Conference and roundtable participants were clear that further investment is needed to support the implementation of a dementia strategy for Canada. Many stakeholders identified a lack of adequate funding in dementia research as a barrier to generating new knowledge. Conference and roundtable participants emphasized that the current research funding in Canada for dementia is too low and that dementia funding should be in line with that for other chronic diseases. Conference and roundtable participants supported the recommendation from the Standing Senate Committee on Social Affairs, Science and Technology that dementia research funding be increased to $100 million per year as this would represent 1 percent of the total direct medical dementia costs in Canada.

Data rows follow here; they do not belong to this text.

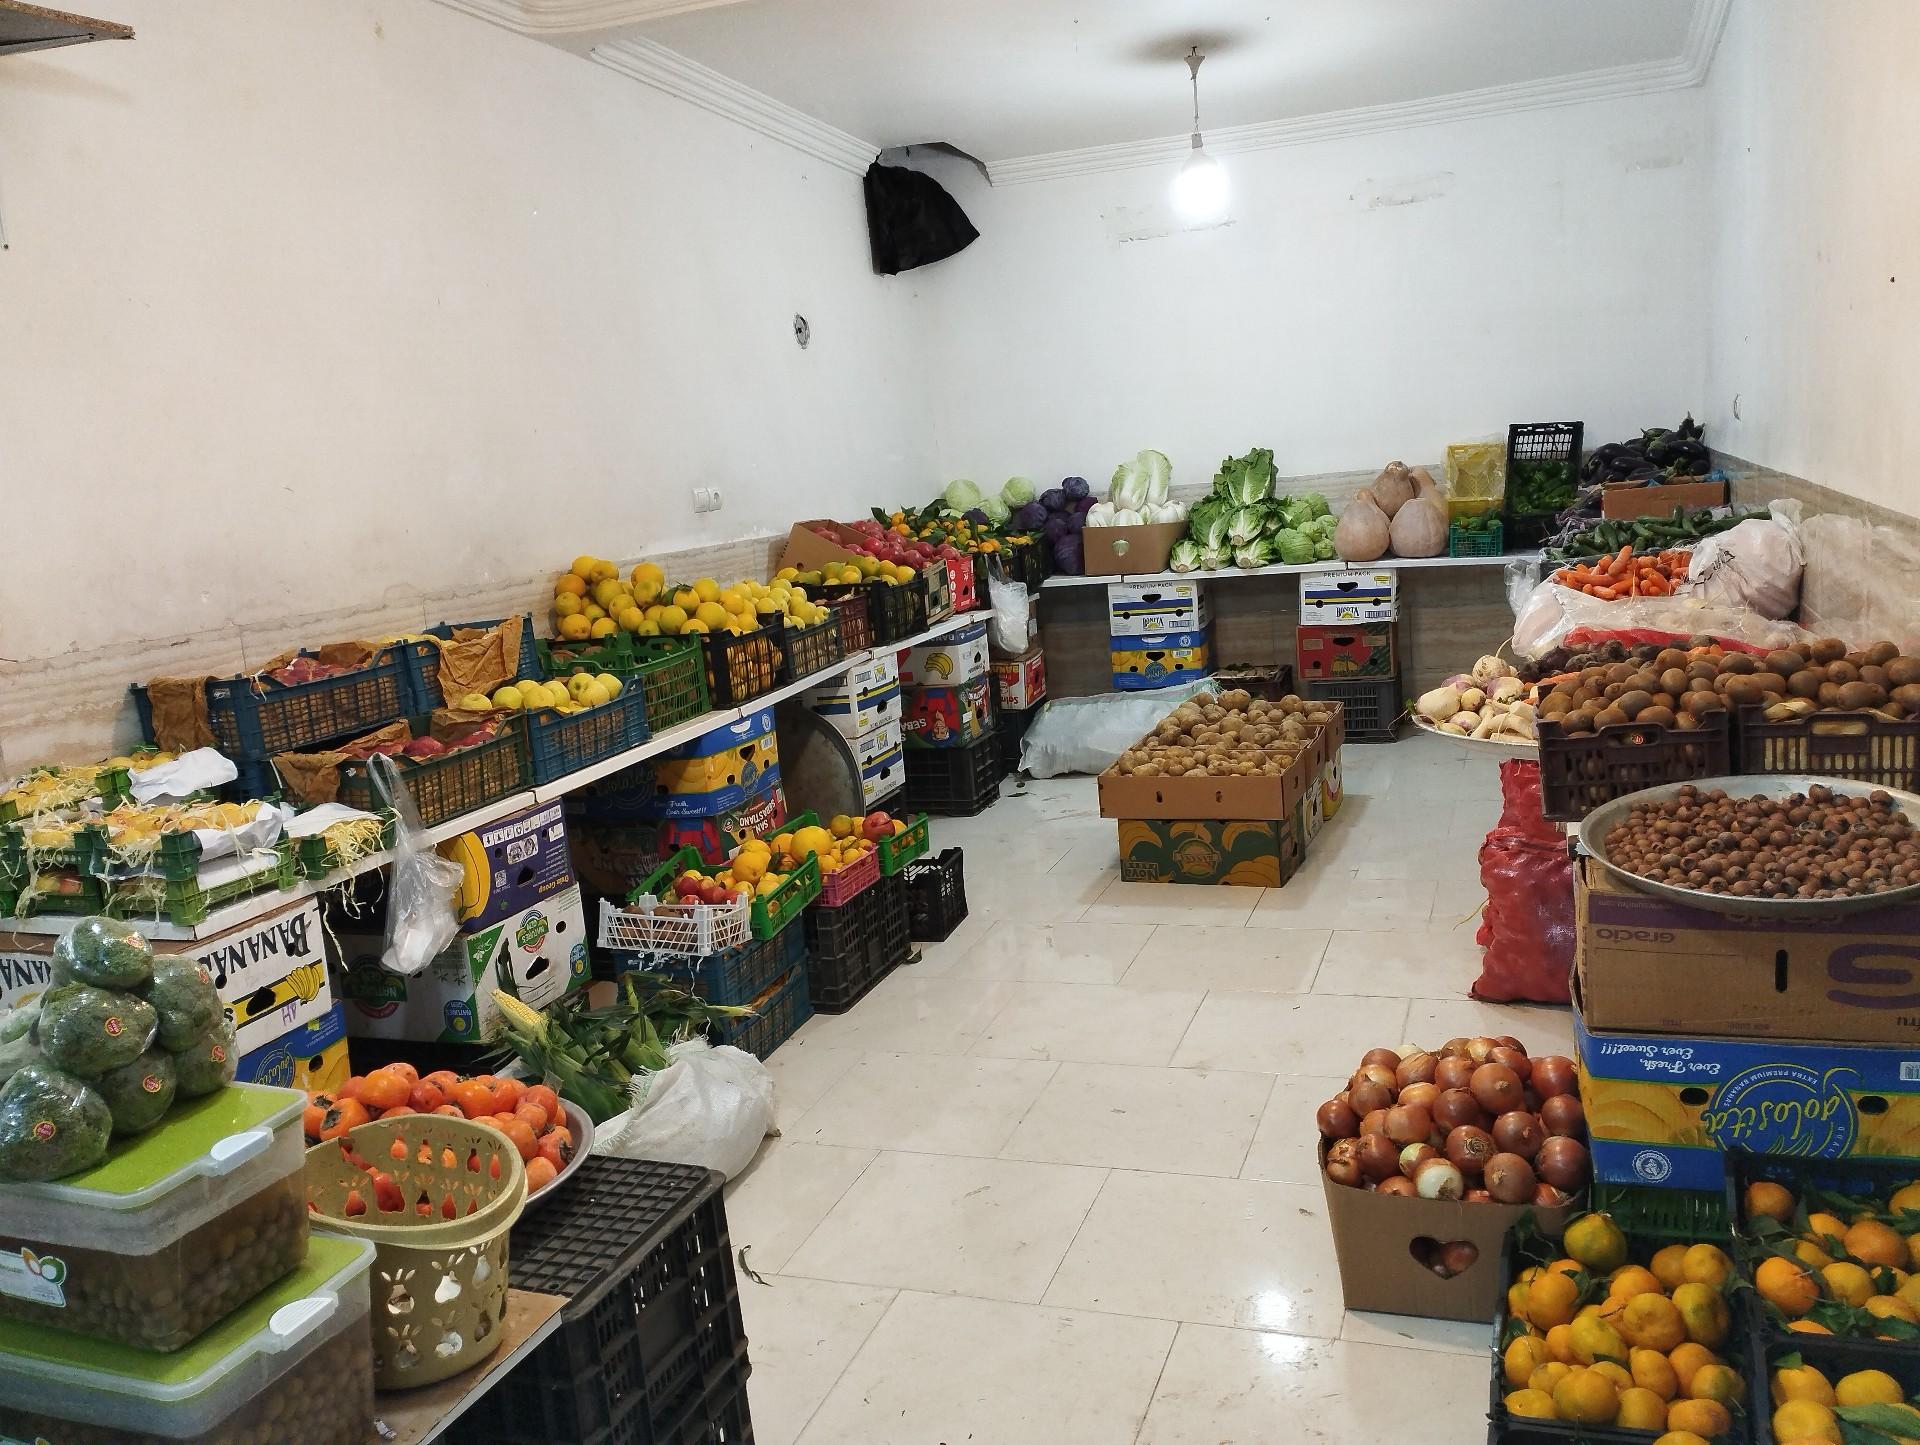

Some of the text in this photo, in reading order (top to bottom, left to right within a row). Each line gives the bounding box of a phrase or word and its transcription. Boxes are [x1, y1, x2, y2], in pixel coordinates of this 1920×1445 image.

[739, 799, 776, 827] SEBASTIANO
[755, 820, 769, 836] SAN
[1600, 1043, 1694, 1060] Ever Sweet!!!
[1639, 1058, 1721, 1075] Ever Fresh,
[1723, 1069, 1818, 1108] EXTRA PREMIUM BANANAS

Participants suggested that, in addition to research funding, new dementia funding be allocated strategically to support innovation and to help identify projects that are working well in order to implement best practices. Biomedical research priorities were identified at the Weston roundtable and other priorities have been identified by the Canadian Dementia Priority Setting Partnership, a steering committee made up of people living with dementia, advocacy groups and health care providers Footnote 8 and through Sex and Gender-based Analysis (SGBA+). Some of these priorities include research into:

  • Impacts of stigma
  • Supporting emotional well-being and quality of life
  • Impact of early treatment, support and care services
  • Dementia-friendly communities
  • Use of non-pharmacological treatments
  • Health system and connections to meet health and social care needs
  • Training for health and social care providers
  • Implementing best practices
  • Sex and gender impacts
  • Biomedical research

8 Final thoughts

The sense of urgency for greater action on dementia has been clearly heard. In these consultations, Canadians spoke honestly of their experiences and were energized and enthusiastic about moving from ideas to action. There is strong support for working together to make change through ongoing, multi-stakeholder engagement and for including the diverse voices of people living with dementia and their caregivers. Canadians feel the time is right for raising awareness and reducing stigma, investing new resources into research and expanded surveillance, and identifying and sharing best practices for dementia care that work across jurisdictions.

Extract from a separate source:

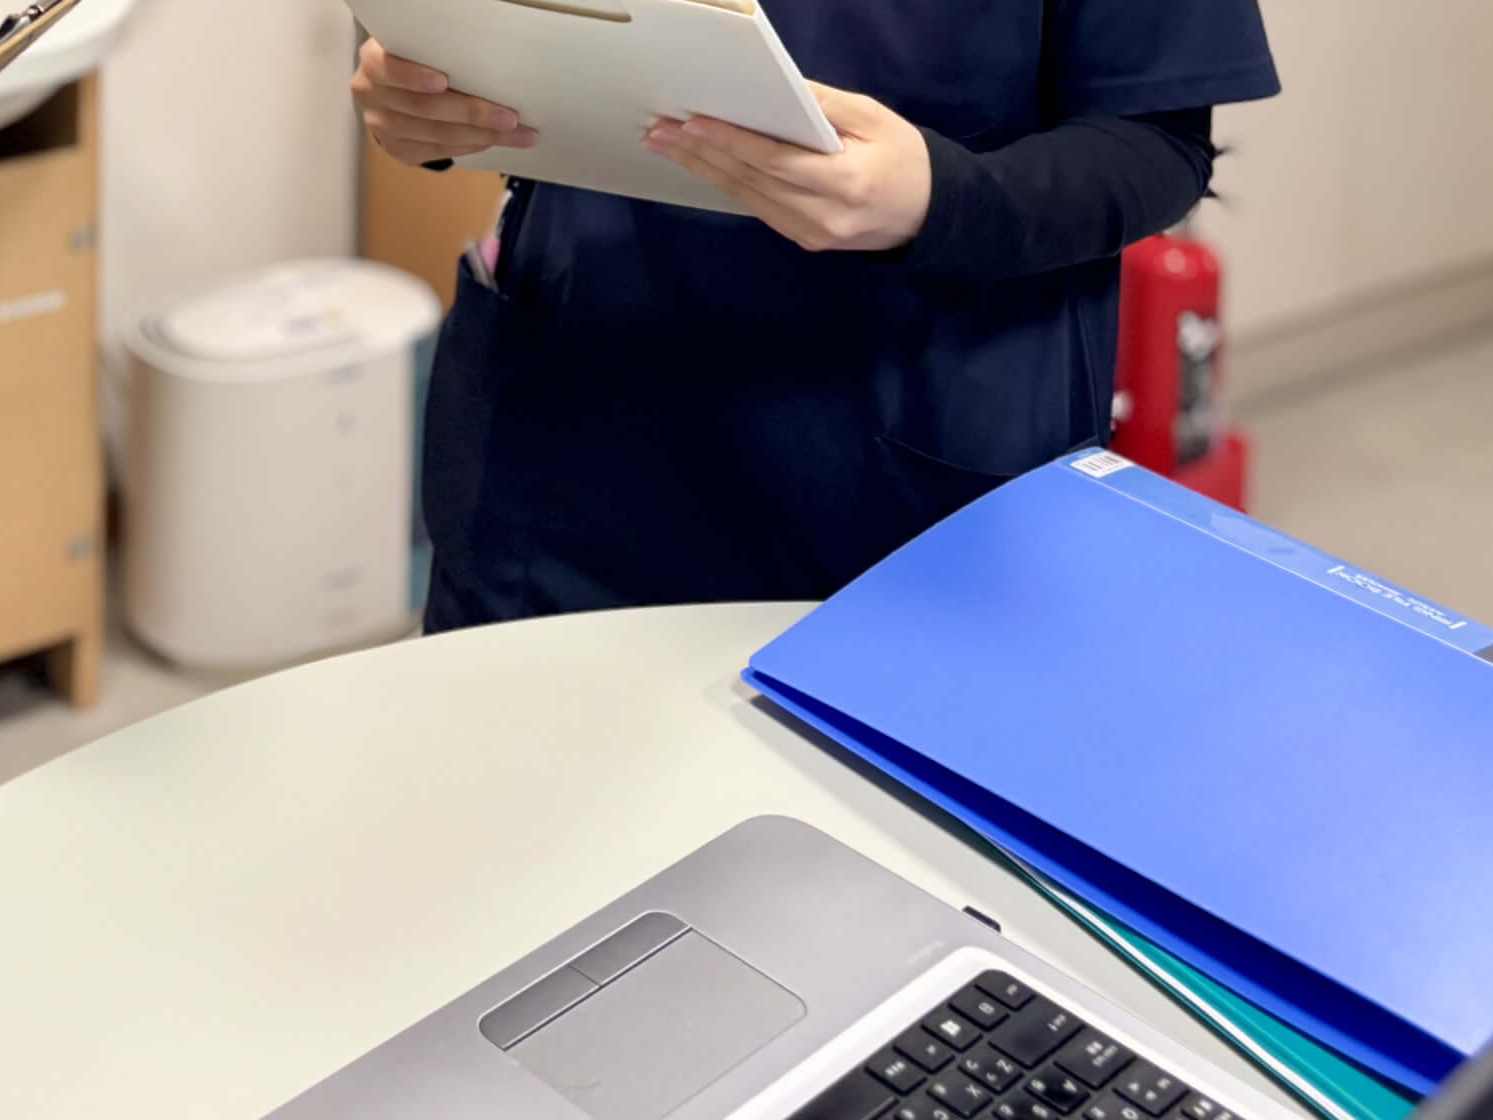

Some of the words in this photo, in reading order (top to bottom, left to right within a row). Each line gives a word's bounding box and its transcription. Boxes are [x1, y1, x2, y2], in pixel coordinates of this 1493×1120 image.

[996, 1058, 1013, 1073] Z
[965, 1083, 982, 1098] X
[1062, 1079, 1078, 1094] A

There were many examples shared of the challenges that Canadians living with dementia and their caregivers are facing as well as what is working well across the country. Research is providing hope for the future. One example is the Finnish Geriatric Intervention Study to Prevent Cognitive Impairment and Disability (FINGER), which is expanding into a world-wide study Footnote 9 of lifestyle interventions (e.g. physical activity, cognitive training, and social activities) and is showing encouraging results. But new innovations and a stronger evidence base are needed to advance health policies and practices for dementia.

Canadians want a dementia strategy that puts the quality of life of people with dementia and their family/friend caregivers at the forefront; where person-centred, compassionate, integrated care is provided with equity across the country, and the rights of people living with dementia are respected.